/---

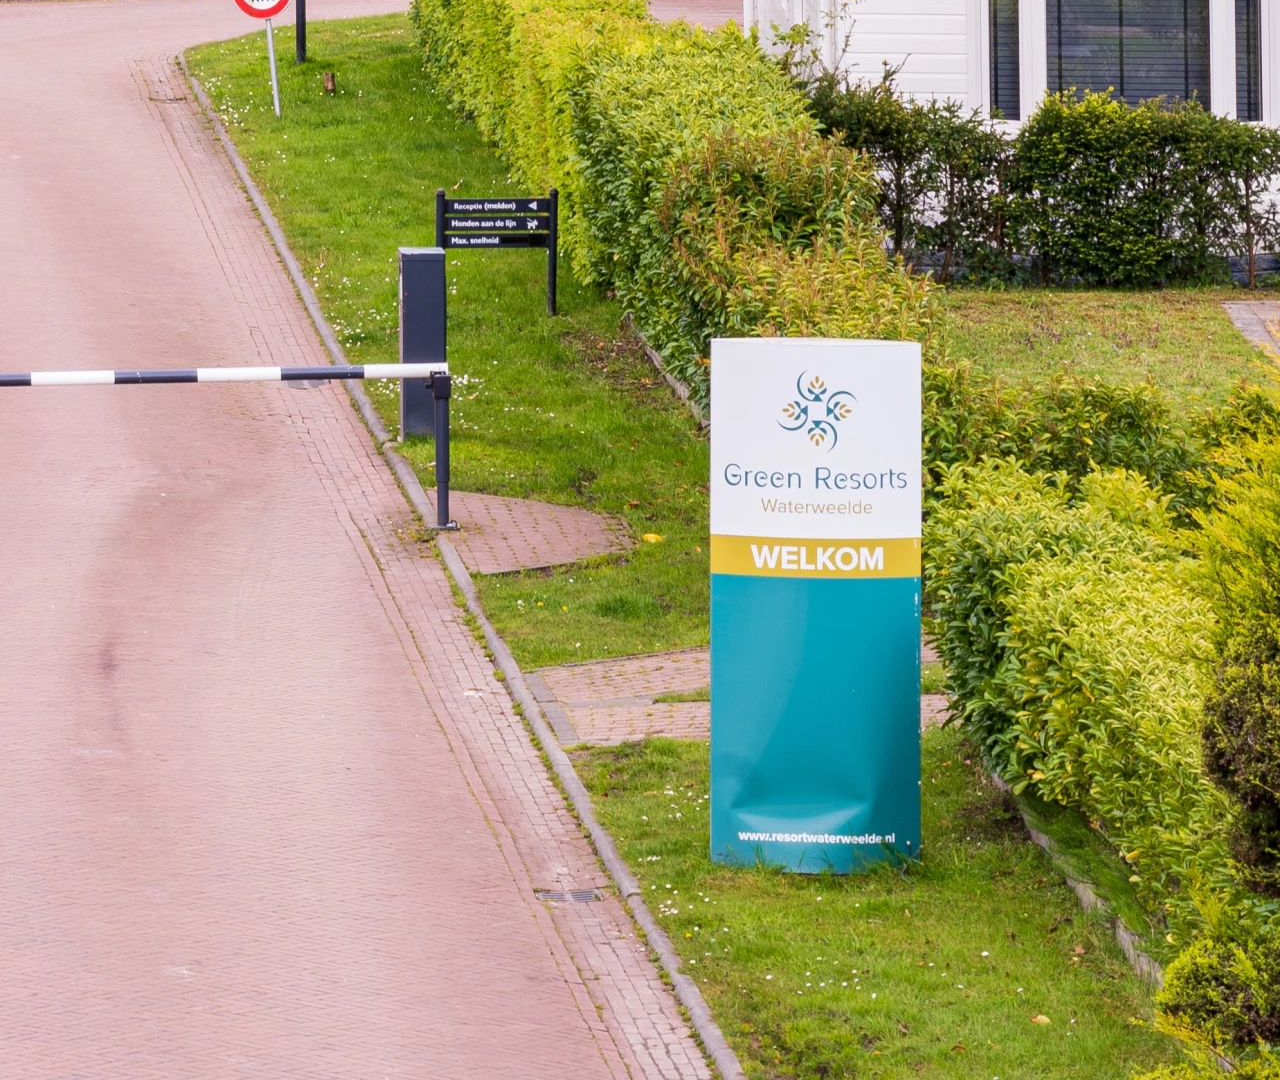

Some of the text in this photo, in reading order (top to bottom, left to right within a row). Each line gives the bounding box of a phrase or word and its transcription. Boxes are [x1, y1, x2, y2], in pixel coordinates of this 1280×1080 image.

[453, 202, 516, 211] Receptie (melden)
[506, 220, 516, 228] lijn
[724, 463, 907, 490] Green Resorts
[761, 497, 873, 515] Waterweelde
[750, 544, 884, 571] WELKOM

\---

▸ Work to complete
Word for word, give the entries above again, with no images included.

▸ Finished task
Some of the text in this photo, in reading order (top to bottom, left to right within a row). Each line gives the bounding box of a phrase or word and its transcription. Boxes are [x1, y1, x2, y2], in pixel coordinates of this 1280×1080 image.

[453, 202, 516, 211] Receptie (melden)
[506, 220, 516, 228] lijn
[724, 463, 907, 490] Green Resorts
[761, 497, 873, 515] Waterweelde
[750, 544, 884, 571] WELKOM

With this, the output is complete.